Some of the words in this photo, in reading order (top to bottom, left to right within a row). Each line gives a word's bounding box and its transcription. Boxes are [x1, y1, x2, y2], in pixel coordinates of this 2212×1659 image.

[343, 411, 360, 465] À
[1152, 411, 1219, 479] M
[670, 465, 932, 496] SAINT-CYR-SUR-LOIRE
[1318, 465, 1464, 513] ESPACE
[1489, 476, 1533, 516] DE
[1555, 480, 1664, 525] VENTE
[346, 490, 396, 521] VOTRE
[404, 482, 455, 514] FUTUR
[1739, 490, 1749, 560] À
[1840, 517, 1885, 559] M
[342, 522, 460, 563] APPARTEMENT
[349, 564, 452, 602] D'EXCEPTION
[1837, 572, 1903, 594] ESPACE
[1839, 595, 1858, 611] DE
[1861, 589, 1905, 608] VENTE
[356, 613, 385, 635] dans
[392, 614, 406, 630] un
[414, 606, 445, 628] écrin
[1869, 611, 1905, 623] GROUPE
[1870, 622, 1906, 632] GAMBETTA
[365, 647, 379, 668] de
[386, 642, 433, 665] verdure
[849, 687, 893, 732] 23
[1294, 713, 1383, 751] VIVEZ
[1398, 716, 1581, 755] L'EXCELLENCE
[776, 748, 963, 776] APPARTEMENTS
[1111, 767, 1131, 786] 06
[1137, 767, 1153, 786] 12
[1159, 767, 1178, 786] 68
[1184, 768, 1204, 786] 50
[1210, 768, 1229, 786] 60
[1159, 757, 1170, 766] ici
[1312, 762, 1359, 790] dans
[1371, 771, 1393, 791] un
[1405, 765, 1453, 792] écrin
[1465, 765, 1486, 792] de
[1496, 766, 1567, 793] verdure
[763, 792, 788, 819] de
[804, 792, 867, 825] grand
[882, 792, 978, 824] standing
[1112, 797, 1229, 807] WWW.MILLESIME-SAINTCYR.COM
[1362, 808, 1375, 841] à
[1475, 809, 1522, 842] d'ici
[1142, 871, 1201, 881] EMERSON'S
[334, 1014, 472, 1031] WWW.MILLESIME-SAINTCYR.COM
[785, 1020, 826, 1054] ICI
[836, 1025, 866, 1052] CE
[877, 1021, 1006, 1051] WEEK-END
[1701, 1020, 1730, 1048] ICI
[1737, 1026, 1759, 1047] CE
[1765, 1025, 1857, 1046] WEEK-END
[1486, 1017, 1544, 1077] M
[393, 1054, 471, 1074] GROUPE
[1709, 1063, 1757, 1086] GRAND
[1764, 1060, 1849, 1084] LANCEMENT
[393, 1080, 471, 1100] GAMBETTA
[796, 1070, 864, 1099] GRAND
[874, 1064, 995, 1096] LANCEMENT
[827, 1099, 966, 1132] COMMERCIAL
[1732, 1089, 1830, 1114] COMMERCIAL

Your goal » The records above are to be copied out exactly, line for line.

Output for this exercise »
Some of the words in this photo, in reading order (top to bottom, left to right within a row). Each line gives a word's bounding box and its transcription. Boxes are [x1, y1, x2, y2], in pixel coordinates of this 2212×1659 image.

[343, 411, 360, 465] À
[1152, 411, 1219, 479] M
[670, 465, 932, 496] SAINT-CYR-SUR-LOIRE
[1318, 465, 1464, 513] ESPACE
[1489, 476, 1533, 516] DE
[1555, 480, 1664, 525] VENTE
[346, 490, 396, 521] VOTRE
[404, 482, 455, 514] FUTUR
[1739, 490, 1749, 560] À
[1840, 517, 1885, 559] M
[342, 522, 460, 563] APPARTEMENT
[349, 564, 452, 602] D'EXCEPTION
[1837, 572, 1903, 594] ESPACE
[1839, 595, 1858, 611] DE
[1861, 589, 1905, 608] VENTE
[356, 613, 385, 635] dans
[392, 614, 406, 630] un
[414, 606, 445, 628] écrin
[1869, 611, 1905, 623] GROUPE
[1870, 622, 1906, 632] GAMBETTA
[365, 647, 379, 668] de
[386, 642, 433, 665] verdure
[849, 687, 893, 732] 23
[1294, 713, 1383, 751] VIVEZ
[1398, 716, 1581, 755] L'EXCELLENCE
[776, 748, 963, 776] APPARTEMENTS
[1111, 767, 1131, 786] 06
[1137, 767, 1153, 786] 12
[1159, 767, 1178, 786] 68
[1184, 768, 1204, 786] 50
[1210, 768, 1229, 786] 60
[1159, 757, 1170, 766] ici
[1312, 762, 1359, 790] dans
[1371, 771, 1393, 791] un
[1405, 765, 1453, 792] écrin
[1465, 765, 1486, 792] de
[1496, 766, 1567, 793] verdure
[763, 792, 788, 819] de
[804, 792, 867, 825] grand
[882, 792, 978, 824] standing
[1112, 797, 1229, 807] WWW.MILLESIME-SAINTCYR.COM
[1362, 808, 1375, 841] à
[1475, 809, 1522, 842] d'ici
[1142, 871, 1201, 881] EMERSON'S
[334, 1014, 472, 1031] WWW.MILLESIME-SAINTCYR.COM
[785, 1020, 826, 1054] ICI
[836, 1025, 866, 1052] CE
[877, 1021, 1006, 1051] WEEK-END
[1701, 1020, 1730, 1048] ICI
[1737, 1026, 1759, 1047] CE
[1765, 1025, 1857, 1046] WEEK-END
[1486, 1017, 1544, 1077] M
[393, 1054, 471, 1074] GROUPE
[1709, 1063, 1757, 1086] GRAND
[1764, 1060, 1849, 1084] LANCEMENT
[393, 1080, 471, 1100] GAMBETTA
[796, 1070, 864, 1099] GRAND
[874, 1064, 995, 1096] LANCEMENT
[827, 1099, 966, 1132] COMMERCIAL
[1732, 1089, 1830, 1114] COMMERCIAL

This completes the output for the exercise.